Manipulating the In Vivo Behaviour of Ga with Tris(Hydroxypyridinone) Chelators: Pretargeting and Blood Clearance.

Pretargeting is widely explored in immunoPET as a strategy to reduce radiation exposure of non-target organs and allow the use of short-lived radionuclides that would not otherwise be compatible with the slow pharmacokinetic profiles of antibodies. Here we investigate a pretargeting strategy based on gallium-68 and the chelator THP as a high-affinity pair capable of combining in vivo. After confirming the ability of THP to bind Ga in vivo at low concentrations, the bifunctional THP-NCS was conjugated to a humanised huA33 antibody targeting the A33 glycoprotein.
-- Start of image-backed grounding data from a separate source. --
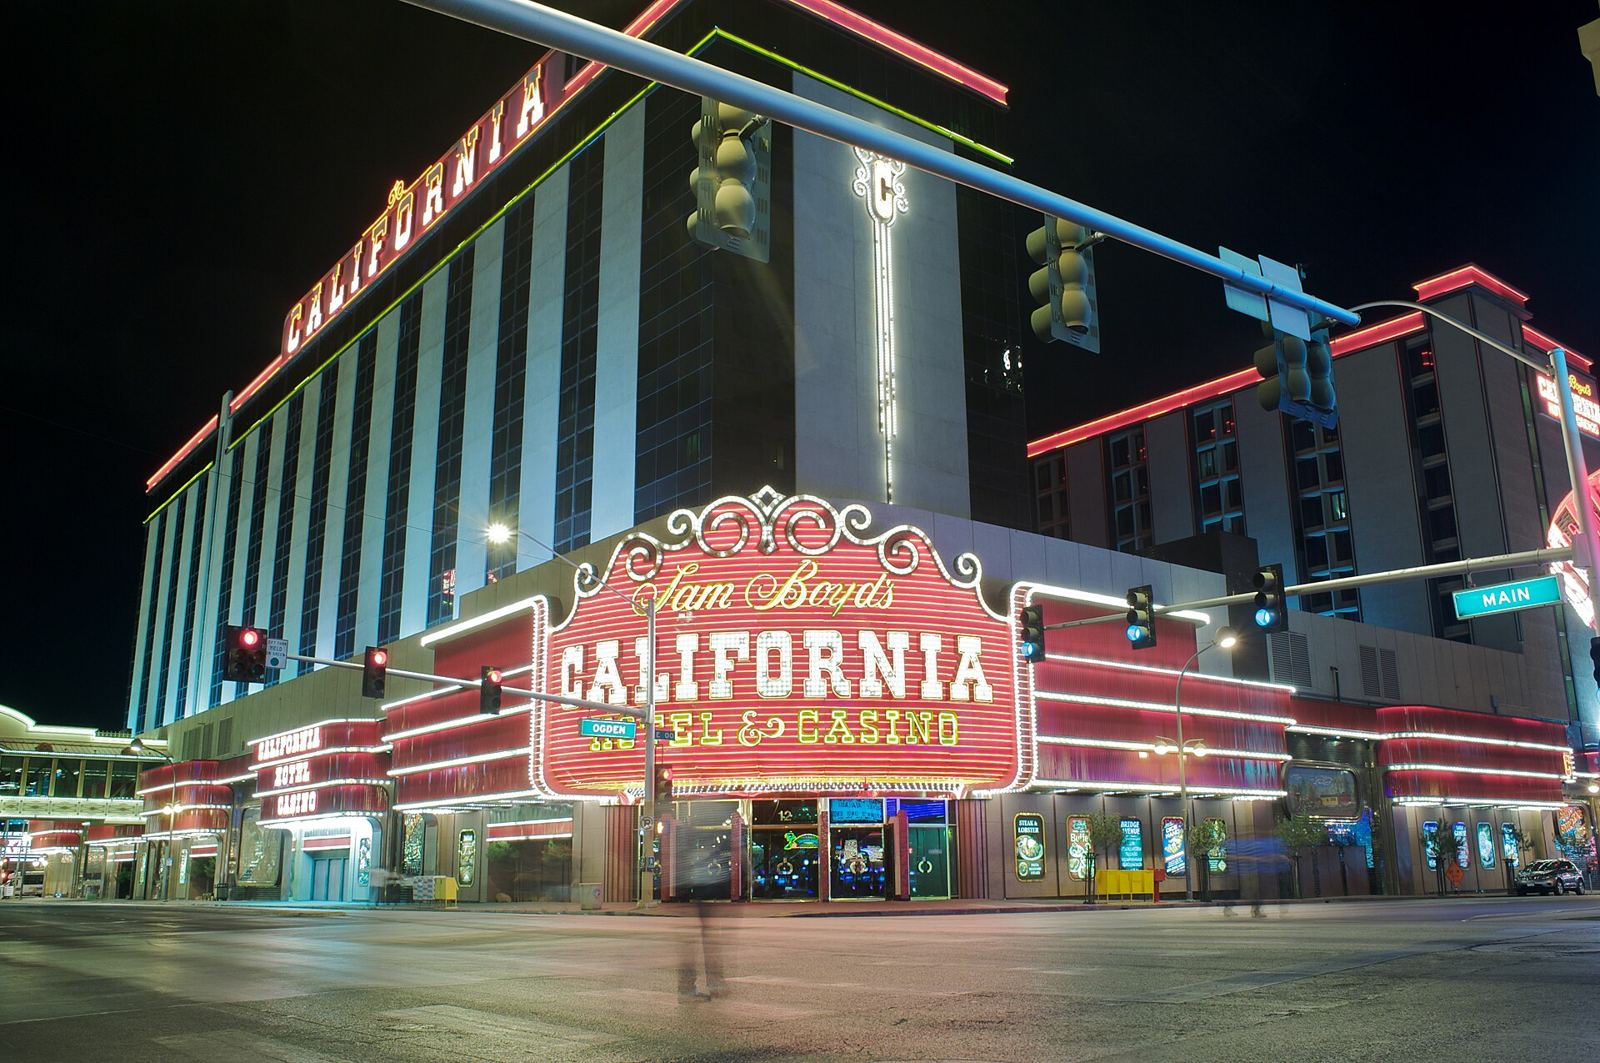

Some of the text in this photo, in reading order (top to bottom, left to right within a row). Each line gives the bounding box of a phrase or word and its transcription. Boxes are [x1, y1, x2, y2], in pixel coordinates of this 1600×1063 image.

[287, 63, 544, 354] CALIFORNIA
[632, 559, 895, 618] Sam Boyd's
[1482, 586, 1531, 608] MAIN
[560, 629, 994, 710] CALIFORNIA
[592, 723, 626, 735] OGDEN
[738, 709, 785, 747] &
[798, 708, 960, 747] CASINO
[257, 727, 320, 761] CALIFORNIA
[274, 761, 310, 787] HOTEL
[277, 791, 316, 816] CASINO
[778, 810, 793, 821] 12
[1120, 820, 1140, 828] BRIDGE
[1070, 832, 1091, 842] Buffe
Imaging experiments performed in nude mice bearing A33-positive SW1222 colorectal cancer xenografts compared pretargeting (100 μg of THP-NCS-huA33, followed after 24 h by 8-10 MBq of Ga) with both a directly labelled radioimmunoconjugate (Zr-DFO-NCS-huA33, 88 μg, 7 MBq) and a Ga-only negative control (8-10 MBq of Ga). Imaging was performed 25 h after antibody administration (1 h after Ga administration for negative control). No difference between pretargeting and the negative control was observed, suggesting that pretargeting via metal chelation is not feasible using this model. However, significant accumulation of "unchelated" Ga in the tumour was found (12.9 %ID/g) even without prior administration of THP-NCS-huA33, though tumour-to-background contrast was impaired by residual activity in the blood. Therefore, the Ga-only experiment was repeated using THP (20 μg, 1 h after Ga administration) to clear circulating Ga, producing a three-fold improvement of the tumour-to-blood activity concentration ratio. Although preliminary, these results highlight the potential of THP as a Ga clearing agent in imaging applications with gallium citrate.